Ters Gidebilecek Her Şey Ters Gidecektir
Murphy Kanunları’na adını veren
Edward A. Murphy Jr. 1917 yılında dünyaya geldi. ABD Hava Kuvvetleri’nde görev alan Murphy, 1949’da roketler üzerinde deneyler yapan mühendis ekibinin bir üyesiydi. Burada ivmelenmenin insan üzerindeki etkisine dair araştırmalar yapıyordu. Bir deneyde pilot üzerine 16 farklı noktaya akselometre takılıp ivmeye verilen tepkiyi ölçmek gerekiyordu. Deney koltuğuna Dr. Stapp adlı gönüllü oturdu. Fakat akselometreleri takmakla görevli kişi 16’sını da yanlış takmayı başardı. Bu yanlışlığın sonucunda elde edilen tüm veriler de geçersiz oldu.
Akselometreleri takan kişi olmasa da ölçüm cihazlarından sorumlu olan Murphy, yaşanan bu aksaklık dolayısıyla sorumlu tutulduğunda o meşhur cevabını vermiş: ters gidebilecek her şey, ters gidecektir.

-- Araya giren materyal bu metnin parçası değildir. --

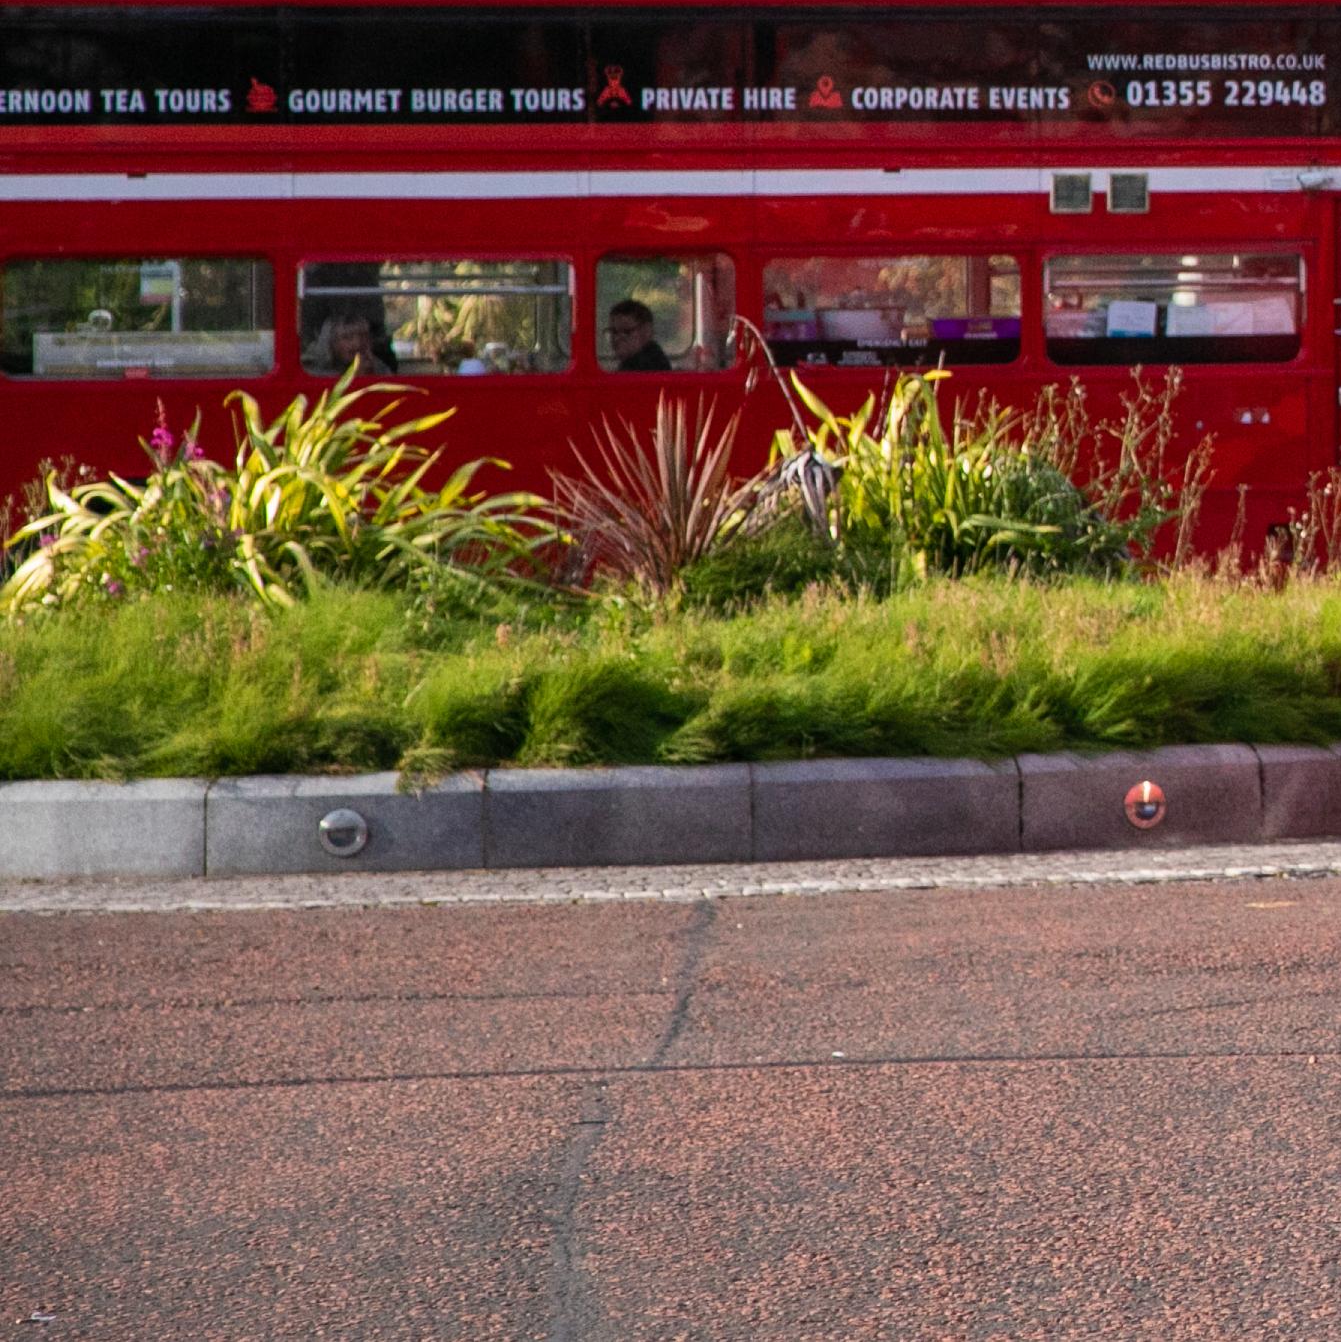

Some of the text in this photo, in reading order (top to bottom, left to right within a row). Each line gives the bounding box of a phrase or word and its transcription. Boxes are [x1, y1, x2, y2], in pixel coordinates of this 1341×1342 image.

Bir işi yapabilmenin birden fazla yolu varsa ve bu yollardan birisi istenmeyen bir sonuca varıyorsa kesinlikle bu ihtimal gerçekleşecektir.
Murhpy Kanunları, Murhpy cevabını verir vermez oluşmamış elbette. Bu olaya “kanun” diyen kişi ve “Murhpy Kanunları”nı yaratan kişi aslında Dr. Stapp olmuş.
Murphy Kanunları’ndan Ne Anlamlıyız?
Peki Murhpy Kanunları’ndan çıkarılması gereken ders nedir? Eğer yapacağınız bir işin ters gidebilme ihtimali varsa baştan vazgeçmek mi gerekir? Murphy yine iş başında olup sizin bütün planlarınızı alt üst etmek için pusuda mı yatıyordur?
Bunların hepsi yanlış ve hatta yalnızca bahane! Aksi takdirde Dr. Stapp, yaşadıklarını bizzat “Murphy Kanunları” olarak nitelendirmezdi bile.
Murhpy Kanunları, birinin başına gelebilecek felaketlerin sebebi değildir. Aksine oluşabilecek felaketlerin farkında olmaktır. Murphy Kanunları’nın farkında olmak her türlü olasılığa karşı temkinli olabilmektir. Murphy Kanunları kötü şans değildir; kötü şansı yenmektir.
Murphy’nin Temelindeki Felsefe
Bu kavramın temelinde ona adını veren Edward Murphy yer olabilir fakat aslında Murphy Kanunları ilk kez 1841 yılında fark edildi. Ohio’da yayınlanan bir gazetede, reçelli ekmeğin elden kayıp halıya düştüğünde daima ballı kısmın yere denk geleceği söyleniyor. Sizce de bu tanıdık değil mi?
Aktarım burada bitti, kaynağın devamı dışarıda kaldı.